Did you hear about the kitten that fell one hundred feet off a bridge in Corpus Christi last week?  It lived to meow again!  But, one of the firemen who rescued the kitten couldn’t help but ponder, “I wonder how many lives he spent on the way down.”  If that cat is anything like your pastor, he spent at least eight of his nine lives fearing what didn’t even end up killing him.  It’s the fear that gets you.  But, only if you choose it as your response to whatever is happening.  We do have another option. 

Jesus knew that leaving his disciples would be a fearful thing.  So, making them a promise that he’d be back and then reminding them of it, he asked them to choose another option than fear.  “‘Do not let your hearts be troubled and do not be afraid.’”  In older days, we’d likely say that those words of Jesus would warm the cockles of your heart.  Honestly, does anyone know what a heart cockle is?  I don’t.  But, I know what a troubled heart is.  It’s a heart full of fear and uncertainty about what the future holds.  It’s a heart, too, that feels terribly alone in its fear.  Jesus is not concerned about what the future ultimately holds for anyone who trusts him.  But, he also knows how fear can stall our courage and hope and transform our days between now and then into nothing less than a living death.  So, he promised his disciples then and all who would ever be his disciples that he’d be back.  Then, he made one more promise.  Between now and the time, as the old gospel hymn celebrates, “our faith is made sight,” Jesus promised we wouldn’t be alone.  His Father would send “‘the Holy Spirit’” who, Jesus said, “‘will teach you all things and . . . remind you of everything I have said to you.’”

It is so difficult to describe who the Holy Spirit is because we’ve never seen him.  But, last week when our choir presented Experiencing God, we were given a beautiful image that ought to help us.  It was in the video of the runner in the 1992 Olympics who pulled a hamstring during the most critical race of his life and fell to the track.  His father pushed his way through security guards and ran onto the track and leaned down beside his son.  The father told his son that he didn’t have to finish the race.  But, when his son protested that he did, do you remember what his father said and did?  He said, “O.K.  Then we’ll finish it together.”  And, with those words, he put his arm around his son, got under his weight with him and they crossed the finish line together. 

That is what God the Father gave us in the person of the Holy Spirit when Jesus had to go.  The actual word in the original language, the word translated here as “‘Counselor,’” is paraclete.  It means one who comes to walk alongside.  That is who the Holy Spirit is.  Like the father coming alongside his hurting son to help him finish the race, the Holy Spirit is the presence of God in our lives to help us finish ours.  And, that presence is not something God gives only to those who’ve advanced to some level of expertise in spirituality.  It’s not a presence we conjure up through emotionally intense worship.  It is God’s gift to us when we are good or bad, up or down.  A presence he just gives because he doesn’t want us to be alone or afraid or troubled.

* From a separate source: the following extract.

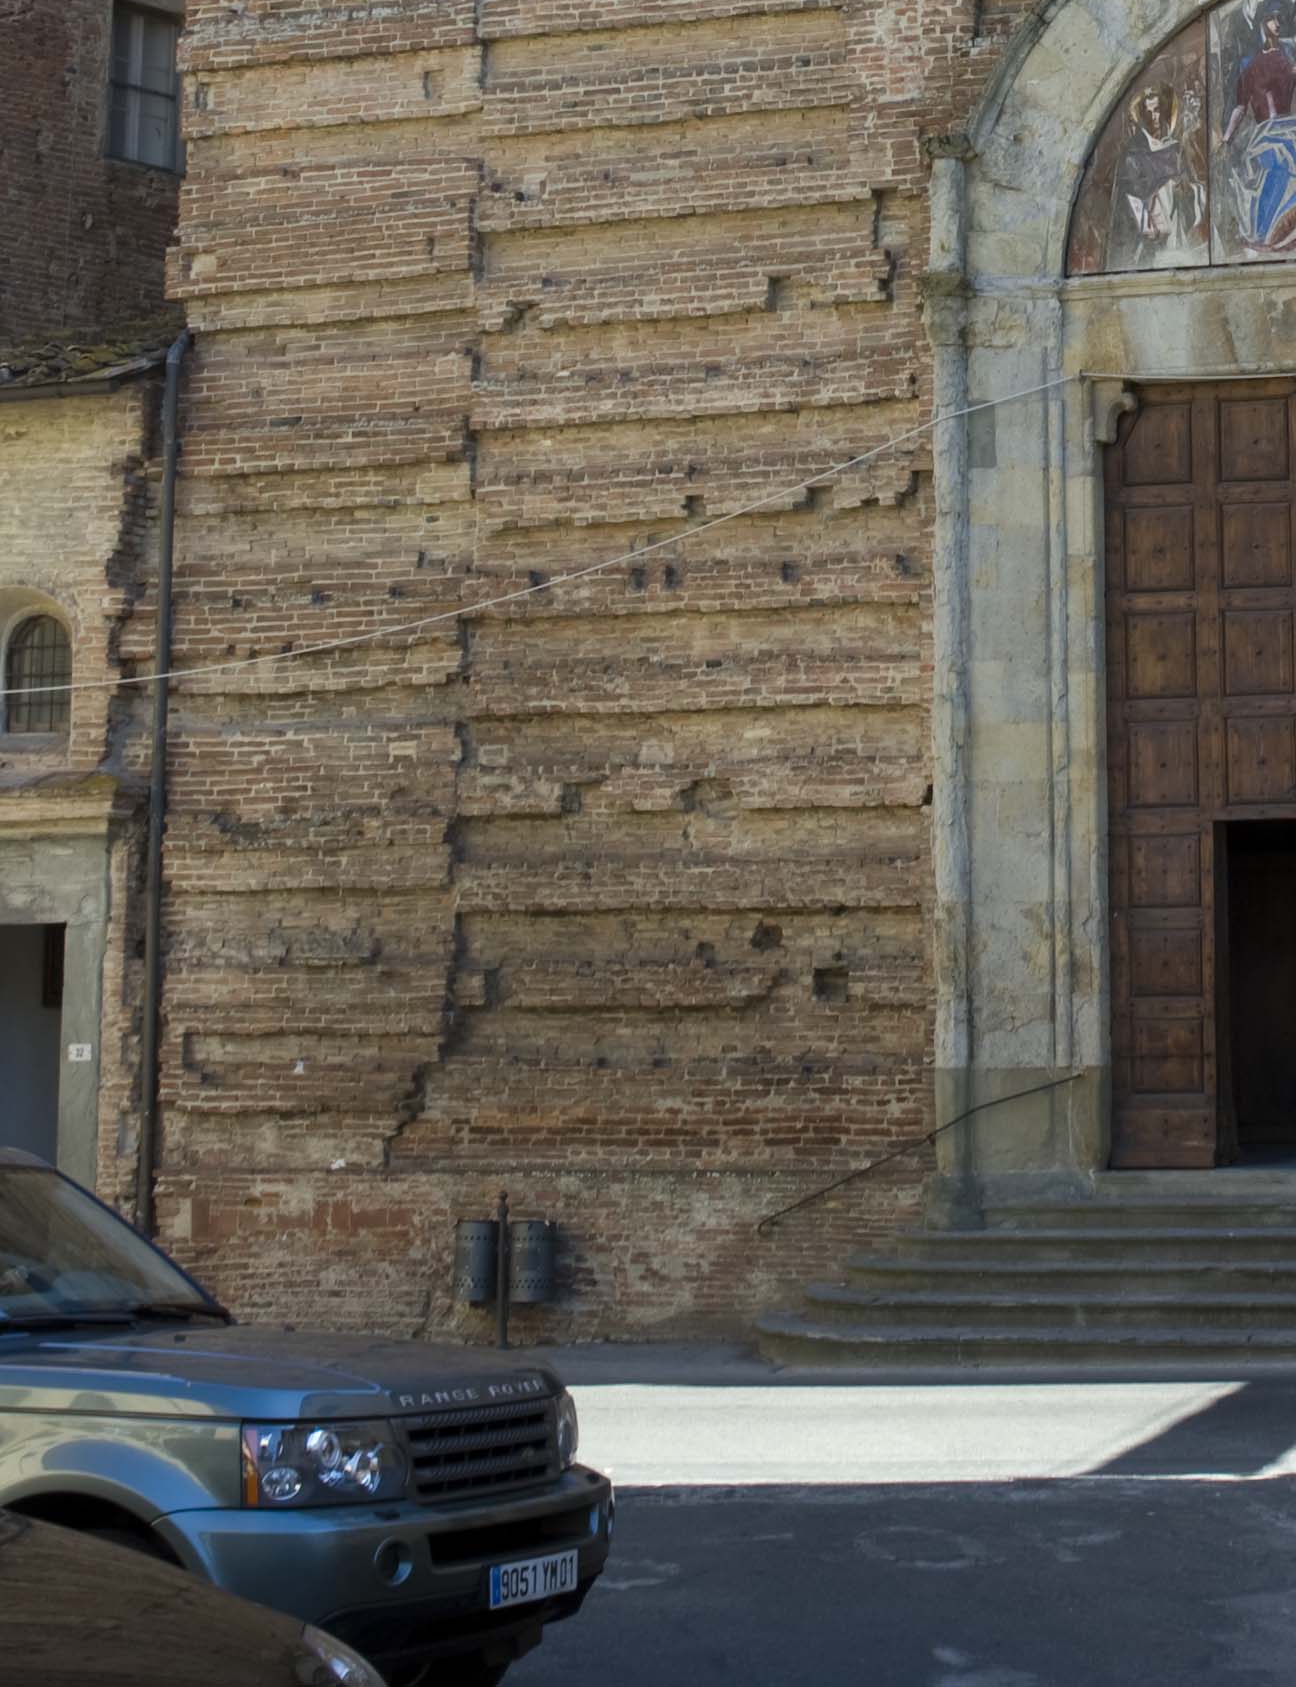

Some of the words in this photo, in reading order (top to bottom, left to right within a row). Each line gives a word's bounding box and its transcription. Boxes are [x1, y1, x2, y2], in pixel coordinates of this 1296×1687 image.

[400, 1387, 480, 1408] RANGE
[487, 1378, 545, 1398] ROVER
[502, 1563, 537, 1601] 9051

Jesus called him a counselor because that’s what he is, too.  He advises us.  He helps us think through things.  He pricks our conscience.  Jesus said the Holy Spirit would teach us and remind us of God’s promises when our troubled hearts forget them in the confusion of fear.  And, the Holy Spirit does more.  Just like he did with Jesus in the wilderness, he’ll come alongside us in our temptation.  Just like he did with the apostles at Pentecost, he’ll empower us and gift us for ministry.  And, in one of the most powerful promises in all of scripture, we are reassured that when we are so confused we can’t even find the words to pray, the Holy Spirit will pray to the Father for us “with groans that words cannot express (Romans 8:26).”  Isn’t that something?  When we are so lost in weakness or fear or confusion our tongues can’t move to say a word, the Holy Spirit will do our praying for us.  But, just as Jesus promised his disciples, between now and the time we actually see him make good on his promise to come back and get us and take us with him, the presence of the Holy Spirit means that, whatever else, we’re never alone. 

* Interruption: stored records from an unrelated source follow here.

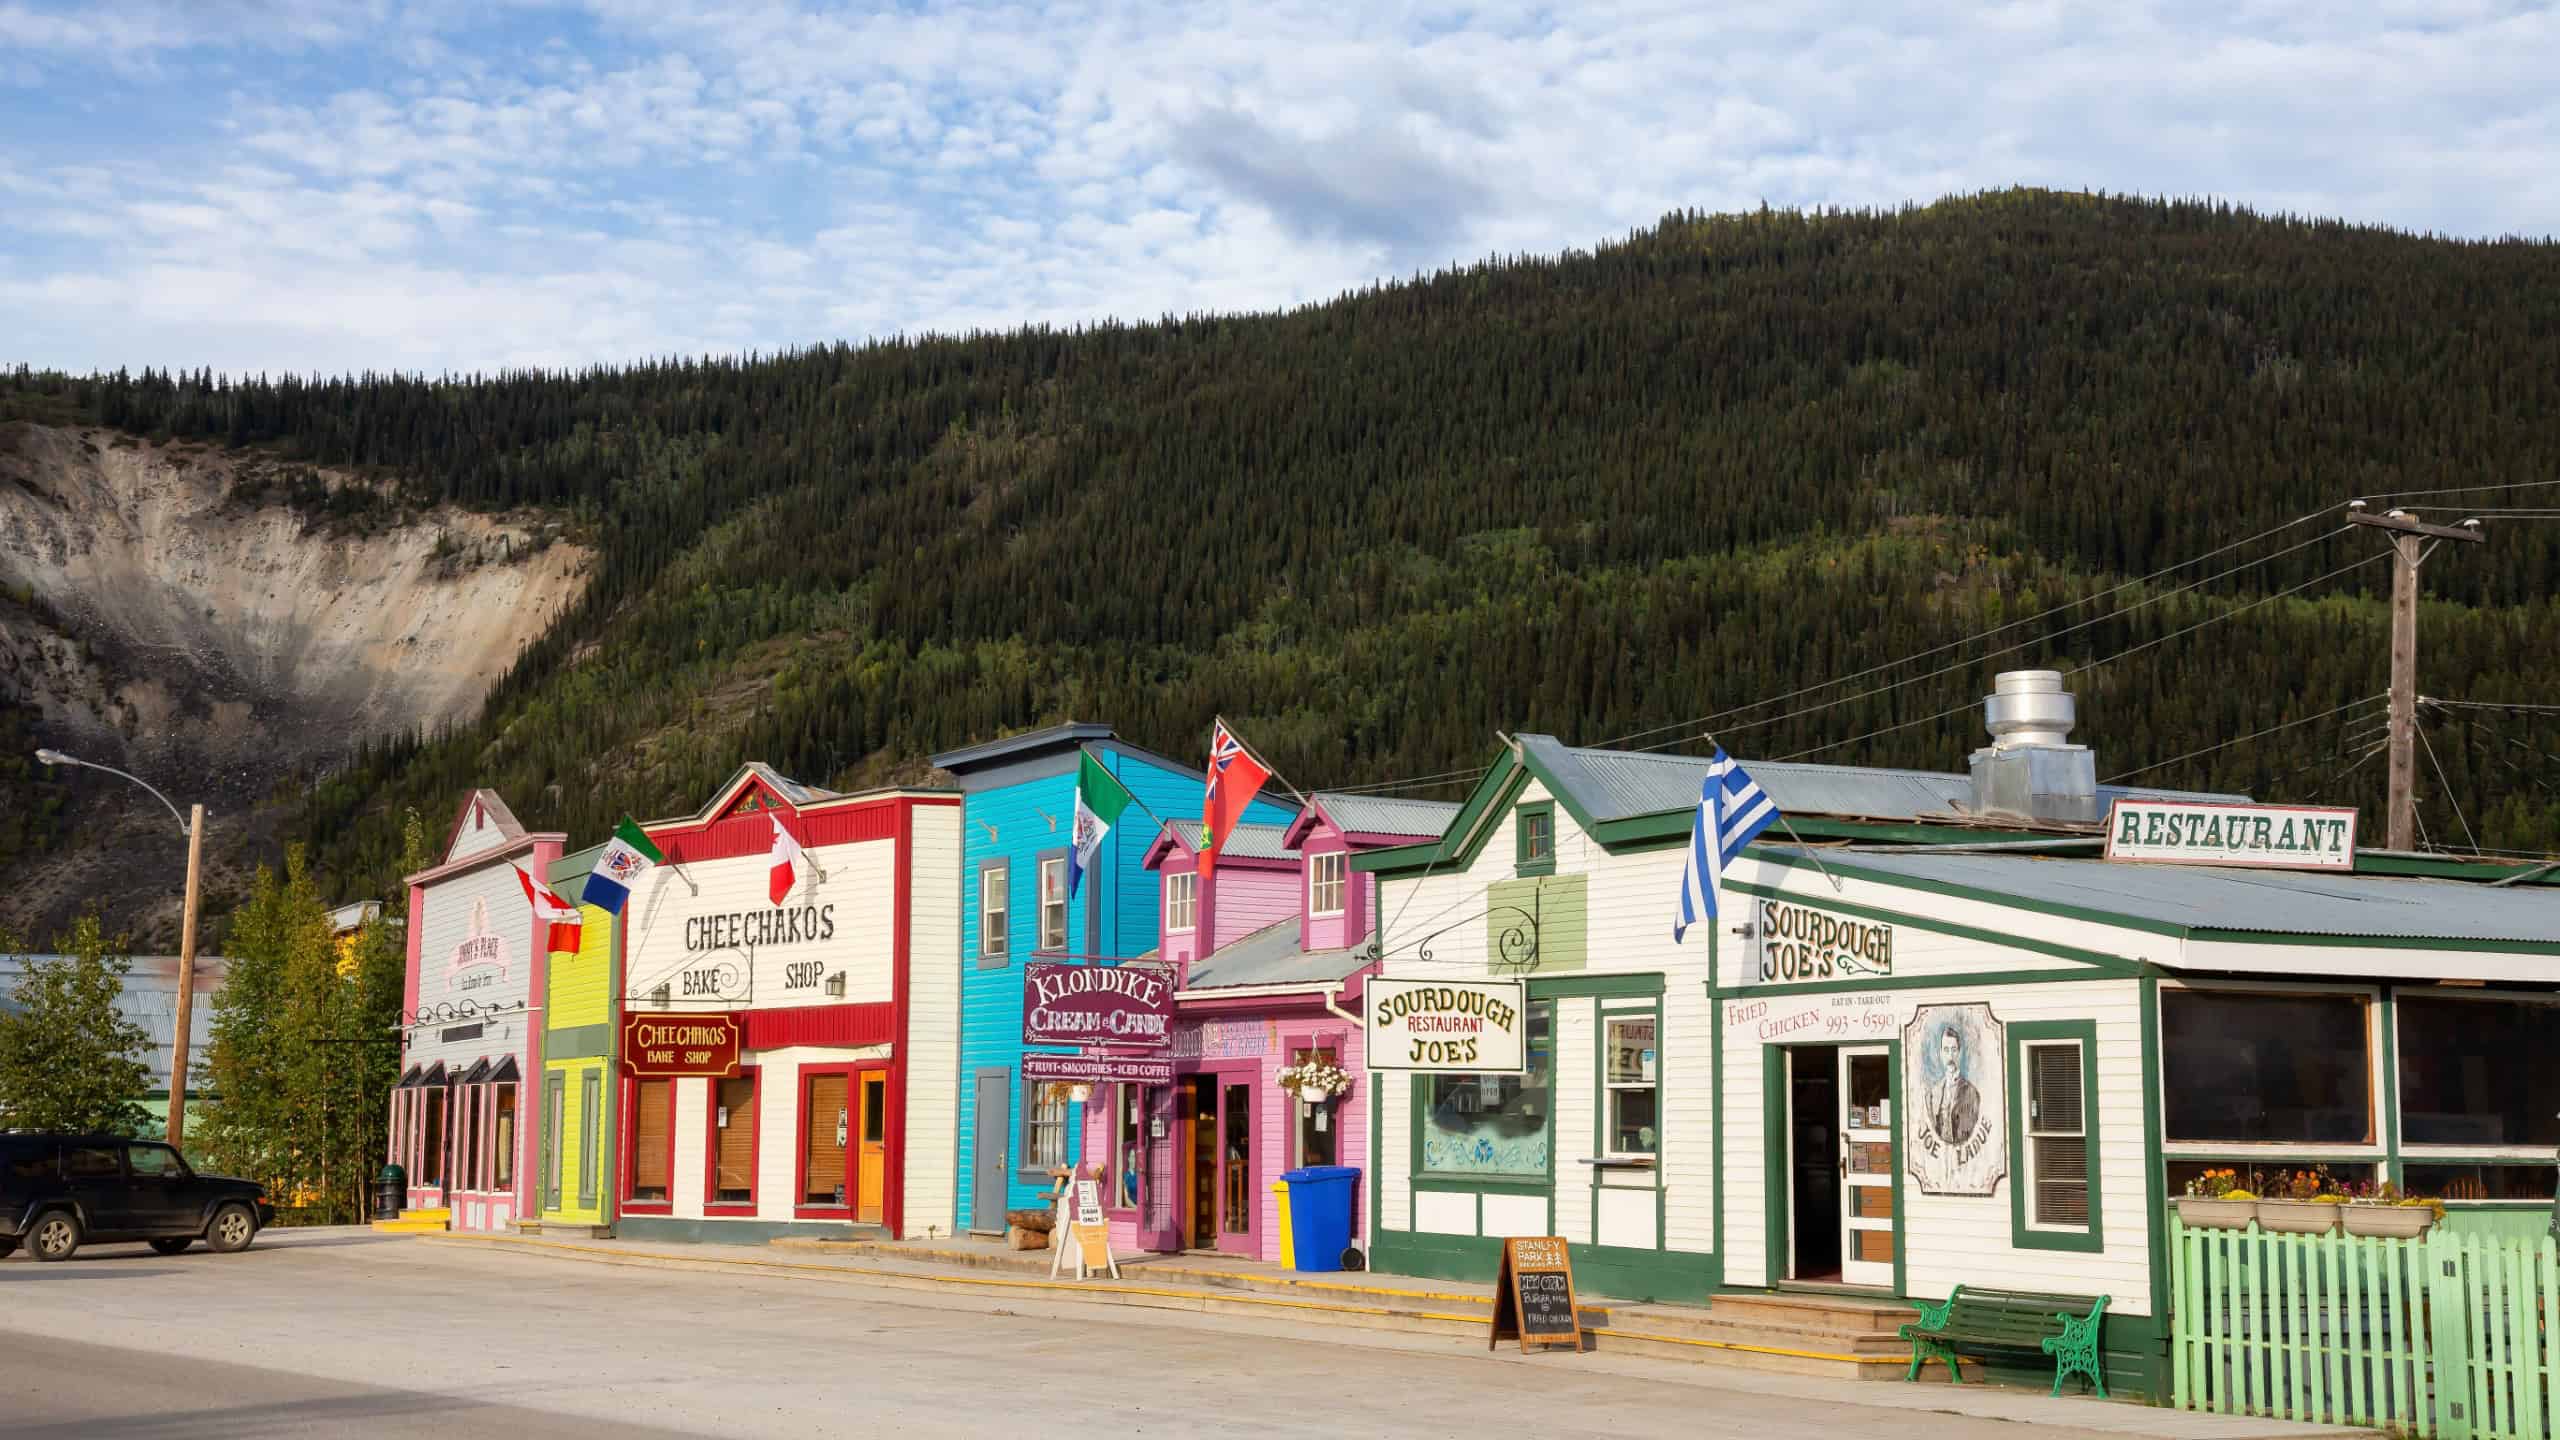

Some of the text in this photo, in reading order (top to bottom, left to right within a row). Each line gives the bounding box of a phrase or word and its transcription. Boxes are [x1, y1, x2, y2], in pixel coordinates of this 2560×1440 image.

[2117, 811, 2347, 852] RESTAURANT
[686, 904, 834, 951] CHEECHAKOS
[1763, 901, 1890, 965] SOURDOUGH
[1763, 943, 1834, 980] JOE'S
[683, 961, 824, 995] BAKE SHOP
[1032, 968, 1162, 1009] KLONDYKE
[1030, 1007, 1100, 1032] CREAM
[1109, 1009, 1169, 1035] CANDY
[1378, 988, 1516, 1033] SOURDOUGH
[1408, 1016, 1484, 1033] RESTAURANT
[1728, 1001, 1768, 1026] FRIED
[1759, 1008, 1820, 1041] CHICKEN
[1826, 1015, 1849, 1034] 993
[638, 1024, 727, 1048] CHEECHAKOS
[1409, 1036, 1477, 1063] JOE'S
[647, 1050, 712, 1064] BAKE SHOP
[1027, 1061, 1057, 1073] FRUIT
[1117, 1064, 1138, 1076] ICED
[1139, 1065, 1171, 1076] COFFEE
[1918, 1115, 1993, 1166] JOE LADUE
[1516, 1240, 1560, 1251] STANLEY
[1518, 1251, 1542, 1261] PARK

Is there anything more frightening or troubling than the thought of being alone?  The other night everyone but me had something that took them away from the house so that I found myself alone for the evening.  I like my privacy as much as anyone.  But, the only thing that really gave my evening any meaning was knowing that, eventually, my family would be coming back home to be with me.  It’s just that time in between, between the time they leave and when they come back, that can be the worst.  I don’t know when Jesus is coming back.  I don’t even know what that will look like.  I have a hard time visualizing it.  But, he said that he told us what he was up to “‘before it happens, so that when it does happen’” we’d believe it when we saw it.  Whatever it will look like, however and whenever it will happen, it will be the fulfillment of all hope and we won’t doubt what we’re seeing when our faith becomes sight.  We’ll know it for what it is.  It’s just the in between time that can be the worst.  So, Jesus promised that he’d give us peace to sustain us in the journey.  “‘Peace I leave with you; my peace I give you.  I do not give you as the world gives.’”

We know what that means, don’t we?  The part about the kind of peace the world gives.  Among other things, it means that there is one thing that even those who love us most can’t give us.  They can’t promise us they’ll never leave. 

They can’t promise us, like every parent knows when their child learns to drive, that when they leave for just a little while, they’ll be back.  They can’t give us that.  And, it’s a troubling thought to know that eventually, even those who love us most, have to leave and stay gone.  I remember visiting with an old man one day some years ago who lived far out in the east Texas countryside.  No neighbors close by.  His wife of several decades had died the year before and we were talking about that.  I asked him, after being married all those years, what was the hardest part about her being gone?  Without even hesitating he said, “It’s not having someone with whom to share the little things that happen every day.”  The little things, he said.  That’s what being that kind of alone is like.  Not having someone to walk with and talk with along the way. 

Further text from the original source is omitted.